As was mentioned earlier, the seed from which oil is pressed are readily identified, having a handsome brown patterning early herbalists believed resembled the coloration pattern of ticks. This association is the source of its ancient name Ricinus, the Latin word for a tick. Along with other names, Kiki, Palma Christi, and Croton, we can find written history of this plant as Ricinus gallis Palma christi in L’Obel’s Plantarum seu stirpium historia (1576, p. 392), Ricinus vulgaris in Bauhin’s Pinax (1671, p 432 ), Ricinus africanus maximus in Tournefort’s Institutiones rei herbariae (1700, p. 542), settling finally with its current name, Ricinus communis, in Linnaeus’ Species Plantarum (1753.)
These names all seemed to exist before Canvane introduced the term Castor Oil for the useful and questionably salubrious fat pressed from the beautifully speckled Ricinus seed. In his treatise Canvane tells us how to extract oil from raw seed, products that are hazardous to handle because the seed are also the source of ricin, a very toxic natural chemical (a lectin).
As far as I am concerned, the raw seed and native oil are suspect until heat-treated to destroy traces of the lectin. And I take it further; neither castoreum nor castor oil will be on my shelf. I’m not interested in using fragrance extracted from anal glands of Beavers (castoreum).

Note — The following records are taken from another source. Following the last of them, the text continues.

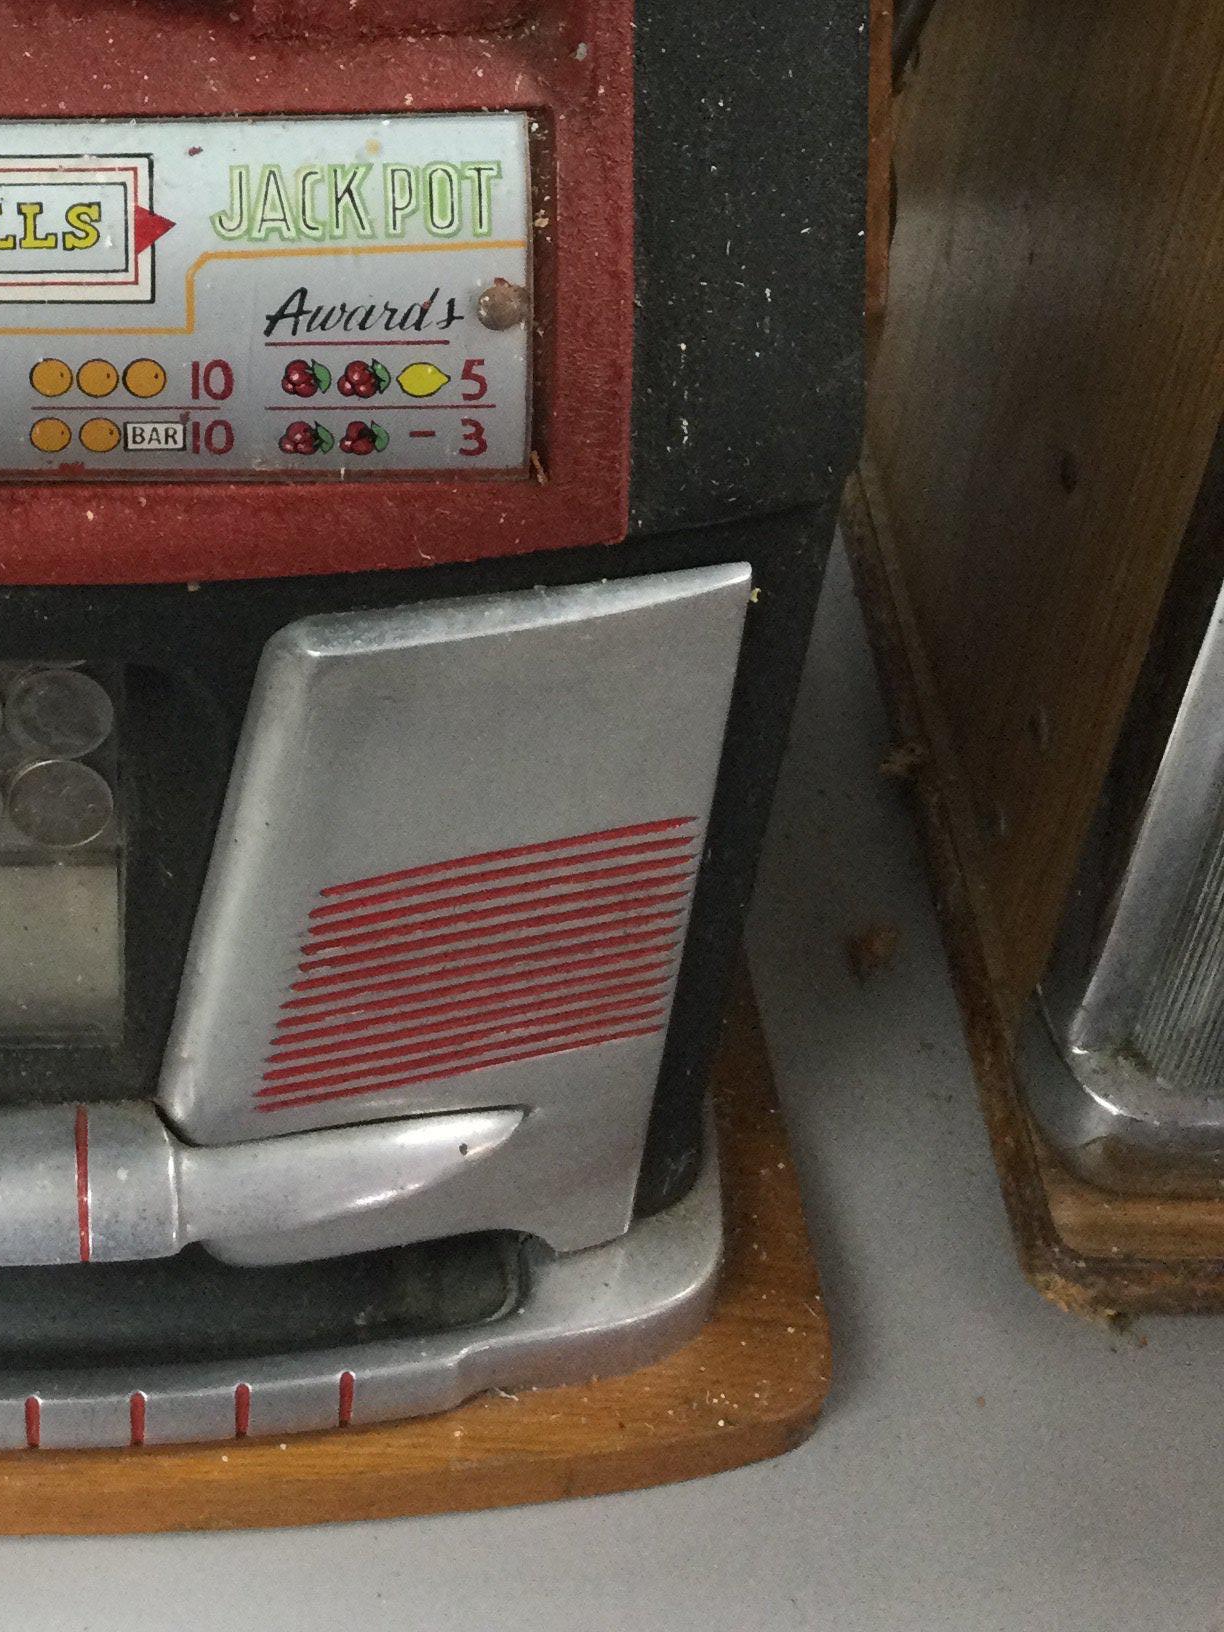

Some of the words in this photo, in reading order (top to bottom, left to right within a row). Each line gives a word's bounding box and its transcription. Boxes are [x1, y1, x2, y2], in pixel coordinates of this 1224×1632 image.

[263, 286, 464, 338] Awards
[190, 358, 235, 401] 10
[461, 358, 488, 402] 5
[130, 424, 178, 447] BAR
[191, 419, 235, 456] 10
[459, 418, 488, 457] 3
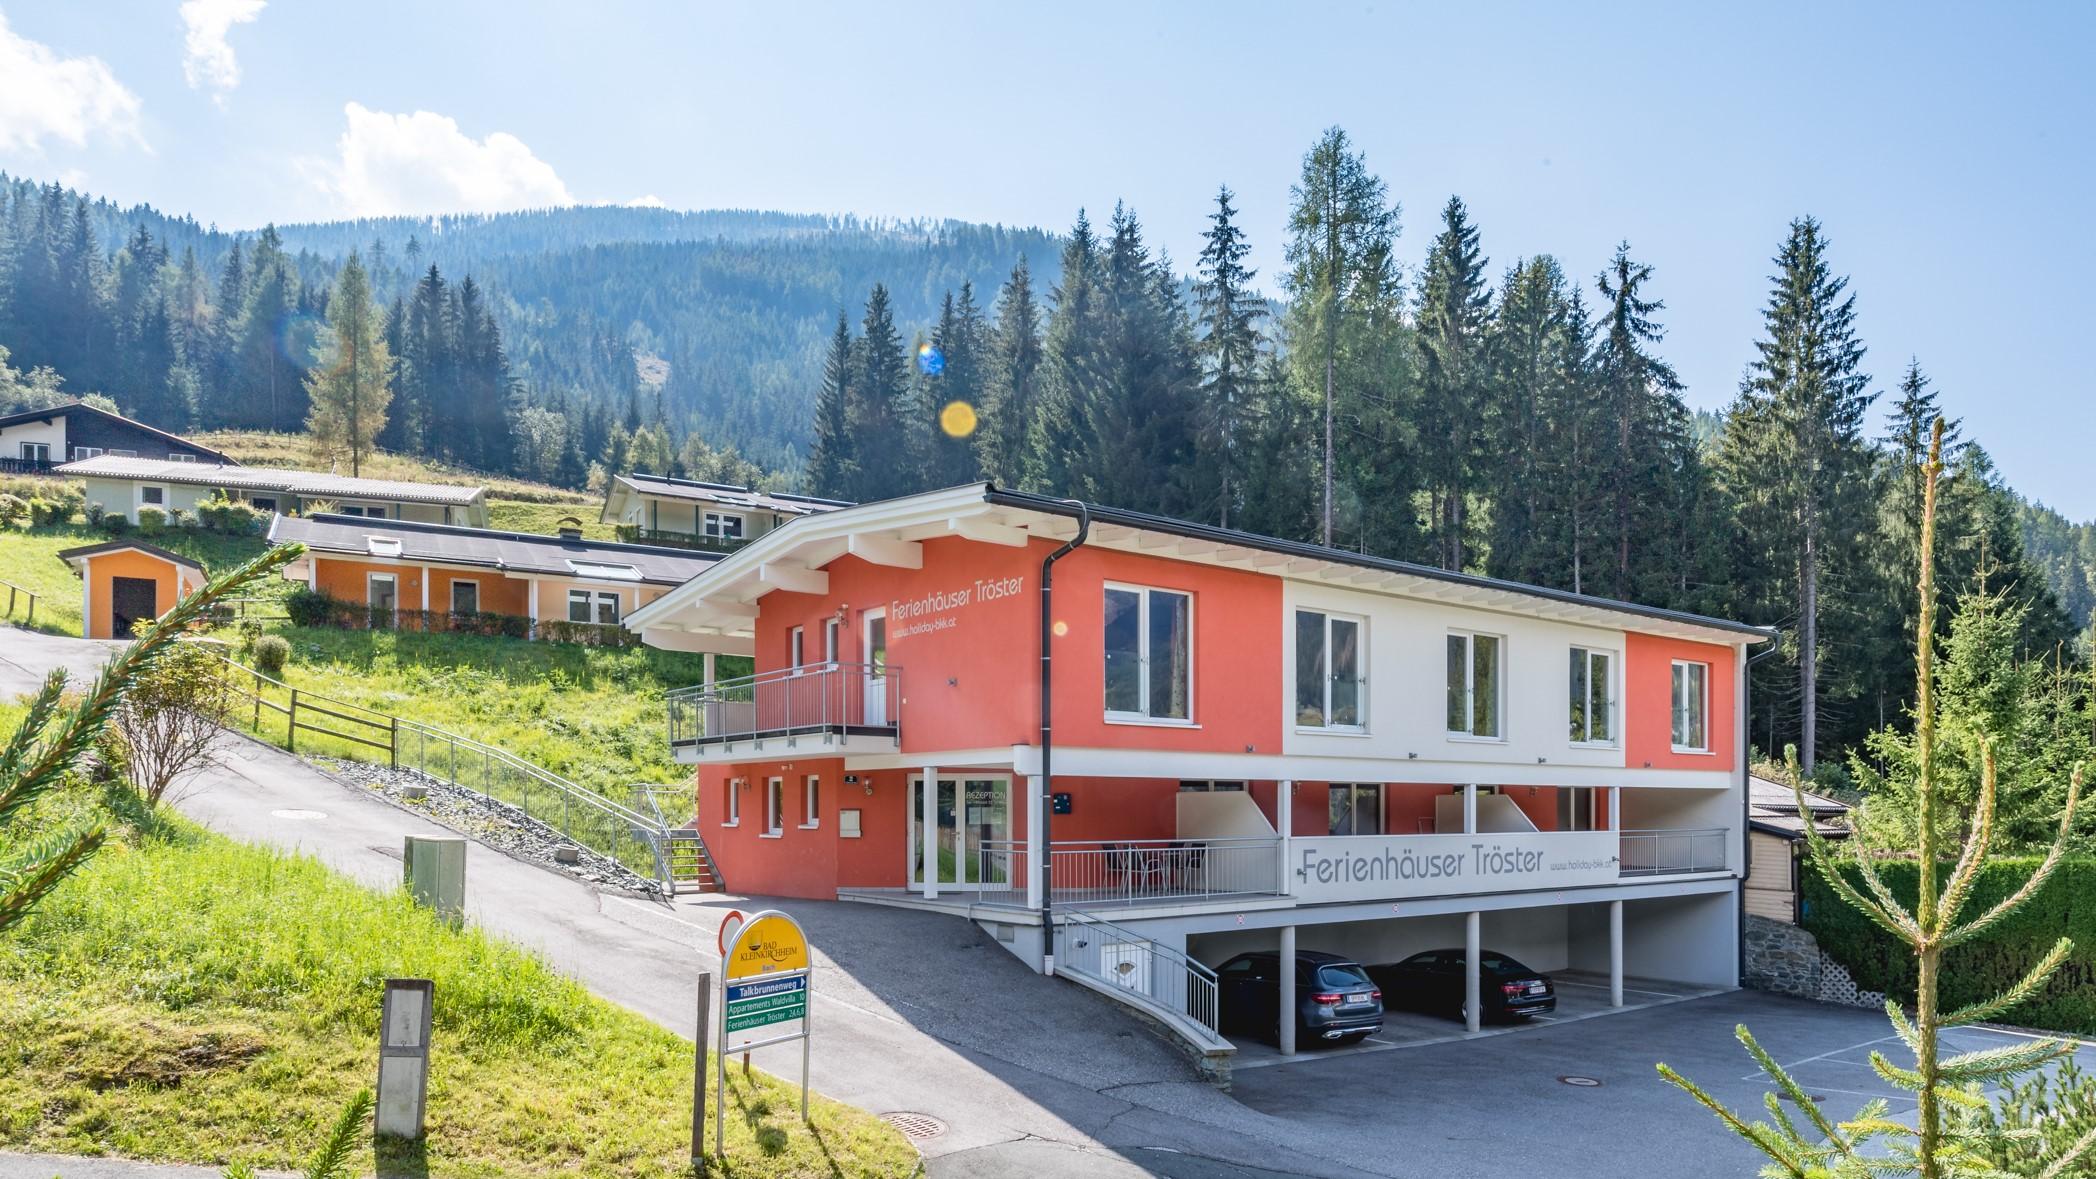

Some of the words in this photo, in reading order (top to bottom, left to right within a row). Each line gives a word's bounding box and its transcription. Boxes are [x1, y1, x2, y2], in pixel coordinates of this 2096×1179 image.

[892, 588, 971, 621] Ferienhäuser
[975, 576, 1024, 603] Tröster
[892, 616, 957, 640] www.holiday-bkk.at
[966, 791, 1006, 800] REZEPTION
[1302, 846, 1465, 885] Ferienhäuser
[1471, 843, 1544, 876] Tröster
[763, 941, 777, 950] BAD
[740, 946, 797, 962] KLEINKIRCHHEIM
[739, 981, 797, 998] Talkbrunnenweg
[728, 1001, 771, 1016] Appartements
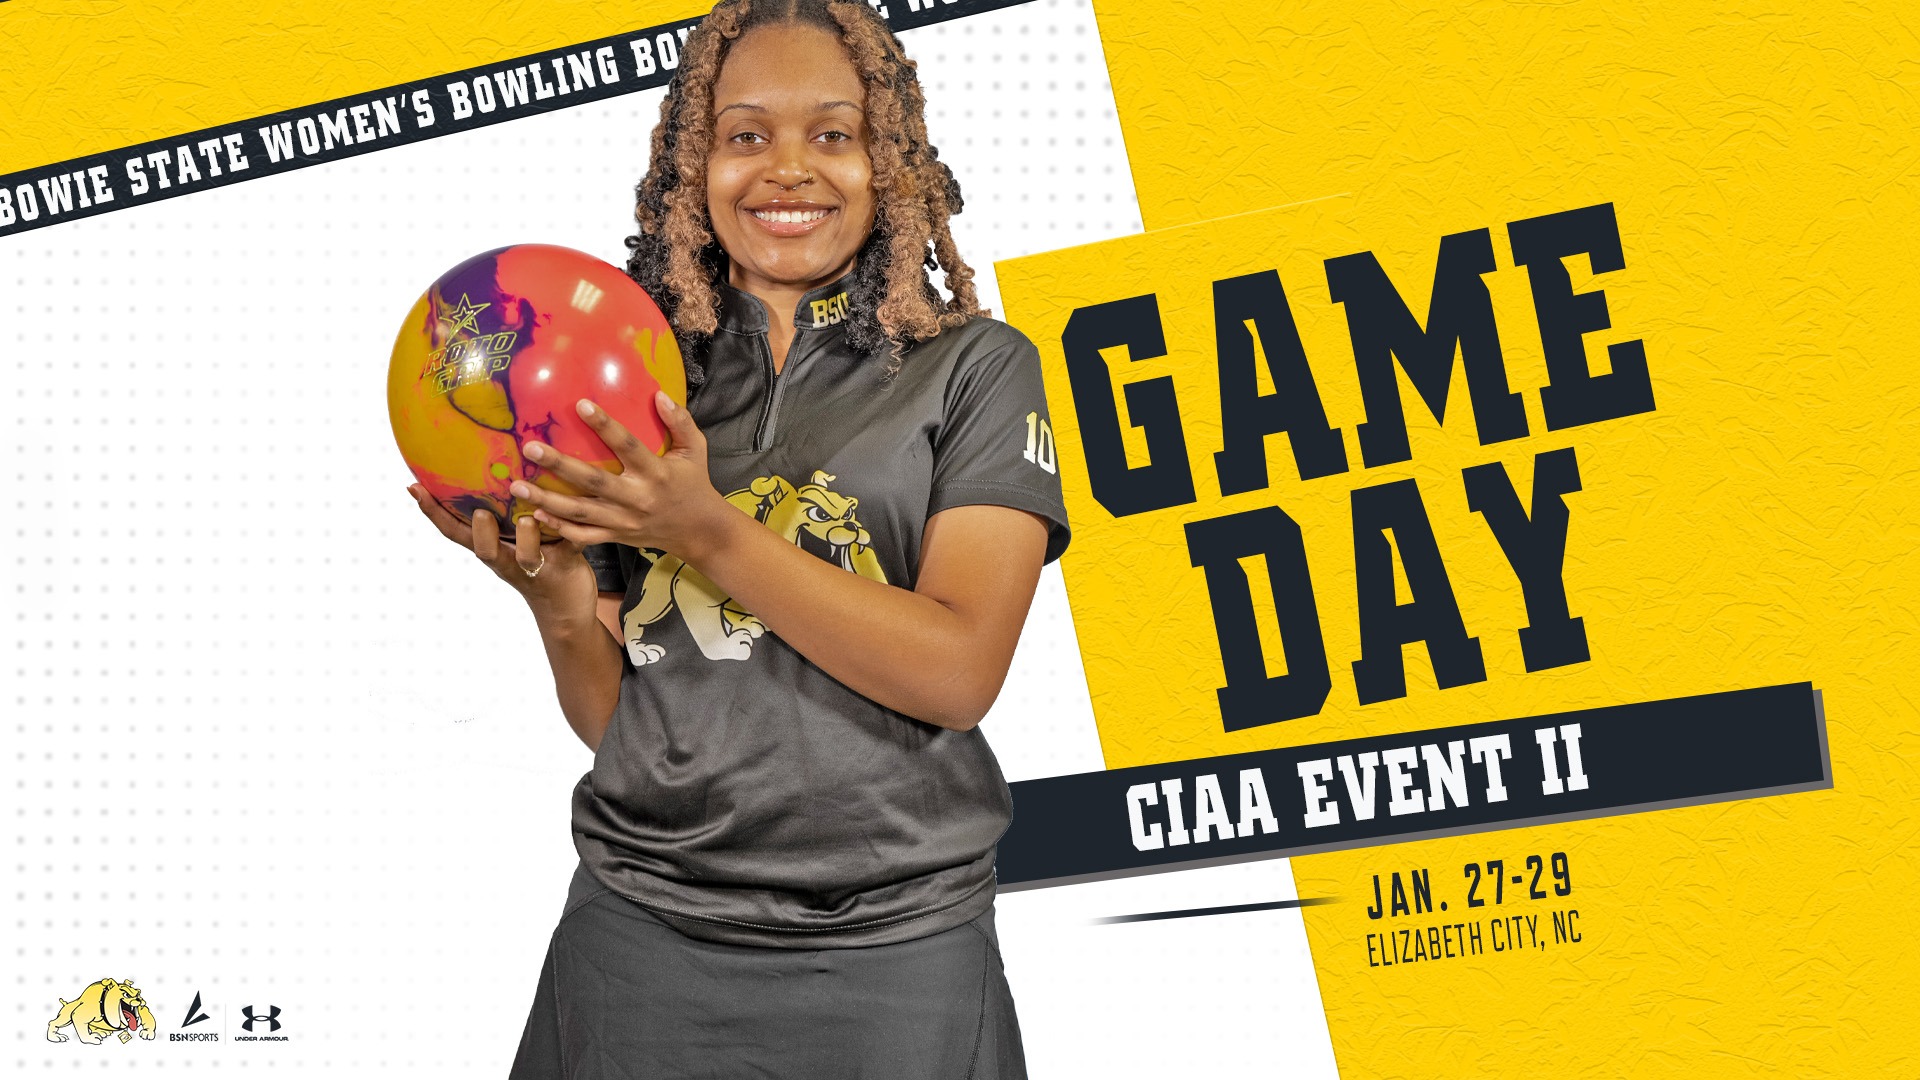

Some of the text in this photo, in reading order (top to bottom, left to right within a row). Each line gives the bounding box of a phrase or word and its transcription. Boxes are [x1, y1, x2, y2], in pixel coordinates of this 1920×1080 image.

Even knowing that ricin is not expressed with the pressed oil (but must be extracted separately from the pulp) and a simple heat treatment eliminates any residual toxicity doesn’t placate me; I’ll not be using Castor Oil for salad dressing or cooking. Too much baggage. I’m happy enough just untangling the terminologies.
Almost…. I forgot to mention castor sugar. That’s just an alternative spelling for caster sugar. And the abnormal spelling…., Oyl? Well, Popeye’s femme faux fatale was Olive Oyl, whose older sibs were Crude Oyl and Castor Oyl…. I couldn’t let that cultural gem slip by.
*From Wikipedia: “Castoreum is largely used for its note suggesting leather, typically compounded with other ingredients including top, middle, and base notes. Some classic perfumes incorporating castor are Emeraude, Chanel Antaeus, Cuir de Russie, Magie Noire, Lancôme Caractère, Hechter Madame, Givenchy III, Shalimar, and many “leather” themed compositions.”